A pour-over will serves as a complementary document to a revocable trust, addressing assets not transferred to the trust during your lifetime. Here’s how it works:

  1. Asset Transfer: The pour-over will stipulates that any assets not previously transferred to your revocable trust during your lifetime are automatically “poured over” into the trust upon your death. This ensures that assets without trust titling or beneficiary designations follow the terms of your revocable trust.
  2. Probate Consideration: It’s important to note that although the pour-over will facilitates the transfer of assets to the trust, these assets may still go through the probate process.

Additionally, a pour-over will may:

  • Guardianship: Appoint a guardian and conservator for minor children, providing for their care and financial matters if necessary.
  • Estate Administration: Appoint a personal representative to handle probate estate administration issues. This becomes relevant if any of your assets were not transferred to the trust during your lifetime.
  • Final Wishes: State your preferences regarding burial or cremation, ensuring your wishes are known and followed.

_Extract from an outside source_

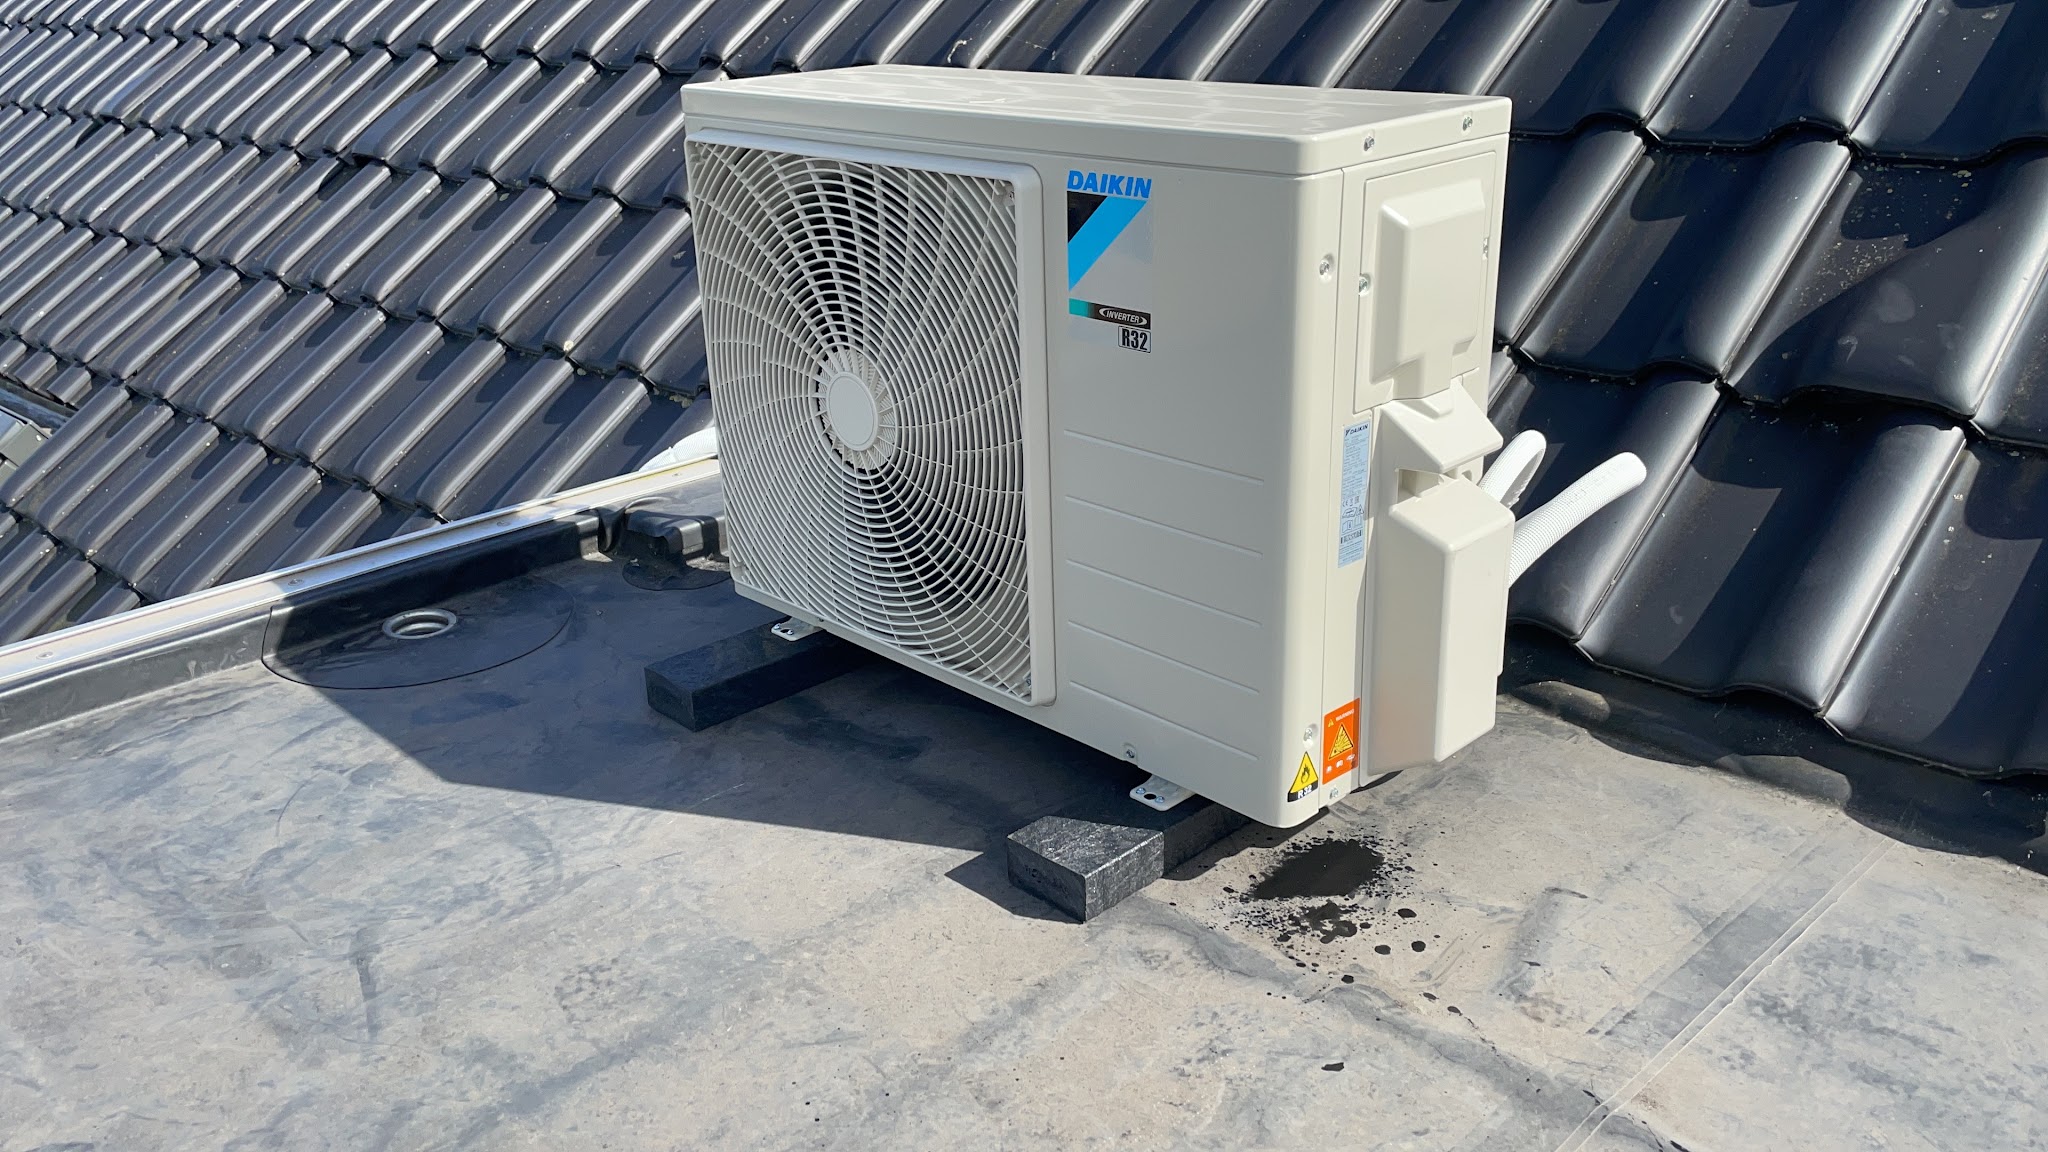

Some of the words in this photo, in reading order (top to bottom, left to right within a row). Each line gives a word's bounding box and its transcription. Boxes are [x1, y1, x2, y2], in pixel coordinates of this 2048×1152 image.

[1067, 170, 1152, 199] DAIKIN
[1106, 310, 1140, 323] INVERTER
[1122, 328, 1148, 351] R32
[1350, 423, 1368, 434] DAIKIN

In summary, a pour-over will acts as a safety net, ensuring that any remaining assets not held in the trust are appropriately directed according to your estate plan, while also addressing important matters like guardianship and personal representative appointments.

 Durable Power of Attorney

A durable power of attorney for finances empowers you to appoint an individual to handle your assets and make legal decisions on your behalf in the event of your incapacity. This proactive measure helps you avoid the potential drawbacks of a guardianship or conservatorship proceeding, including significant costs, public exposure, and delays. By granting someone the authority through a durable power of attorney, you ensure a smoother and more efficient management of your financial affairs during times of incapacity, without the need for court intervention.

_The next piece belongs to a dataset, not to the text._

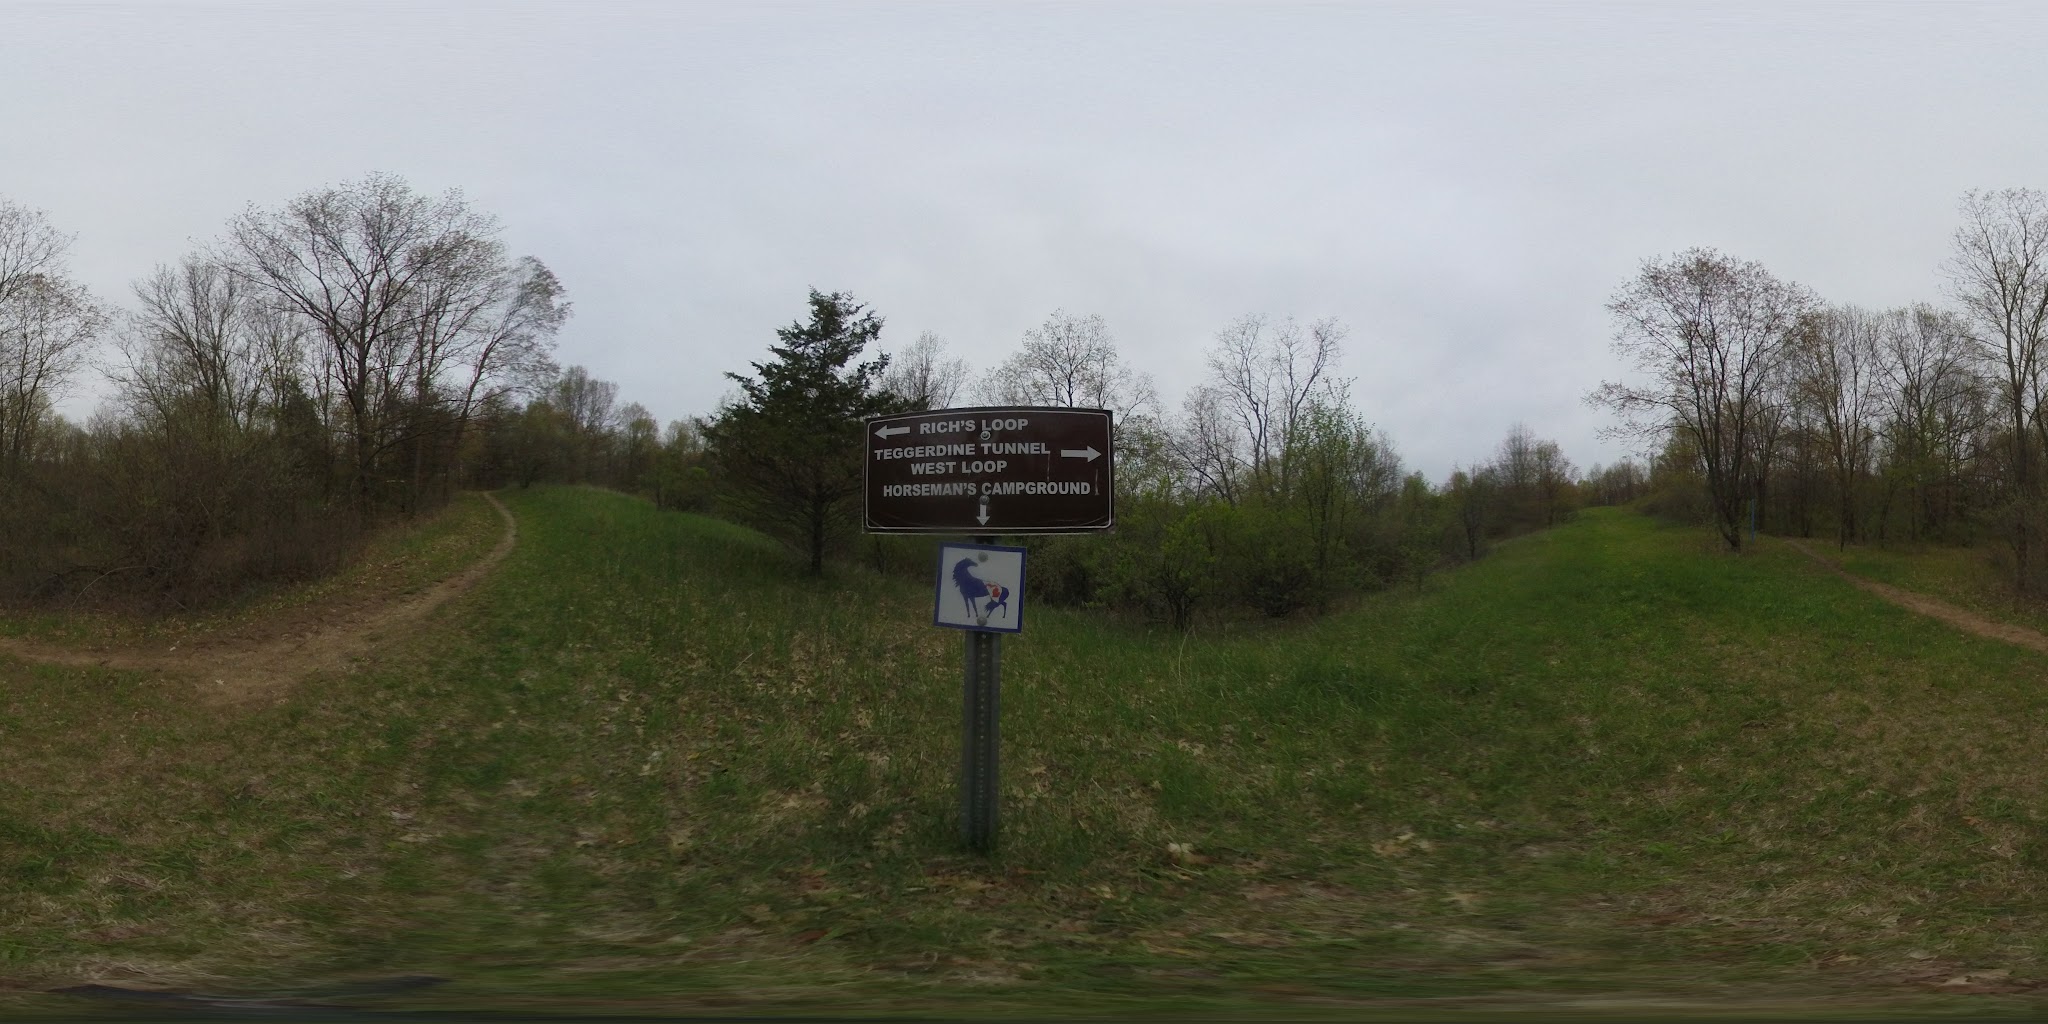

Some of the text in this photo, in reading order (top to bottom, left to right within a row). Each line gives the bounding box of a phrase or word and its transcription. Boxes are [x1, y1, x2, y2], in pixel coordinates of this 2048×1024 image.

 Health Care Power of Attorney and Living Will

A durable power of attorney for health care allows you to designate an agent who will make health care decisions on your behalf if you become incapacitated and are unable to make those decisions for yourself. This document ensures that your medical preferences are upheld even when you are unable to communicate them.

A living will outlines your preferences regarding medical treatments in specific situations, especially in cases of incurable or terminal conditions. It serves as an expression of your intentions regarding the medical interventions you do or do not want if you are facing end-of-life scenarios. Together, these documents provide a comprehensive framework for guiding medical decisions that align with your wishes when you are unable to voice them yourself. 

HIPAA Release

HIPAA introduced stringent rules to protect the privacy of medical records. While these regulations are crucial for safeguarding personal health information, they can pose challenges for individuals designated as agents under your estate planning documents when they need access to your medical records.

To address this, a HIPAA release is a specific authorization that you can provide to your designated agents. This release grants them permission to access your health care information without encountering delays or obstacles imposed by HIPAA regulations. By having a HIPAA release in place, you ensure that your designated agents have the necessary authority to obtain and review your medical records, facilitating informed decision-making regarding your health care when you are unable to do so yourself.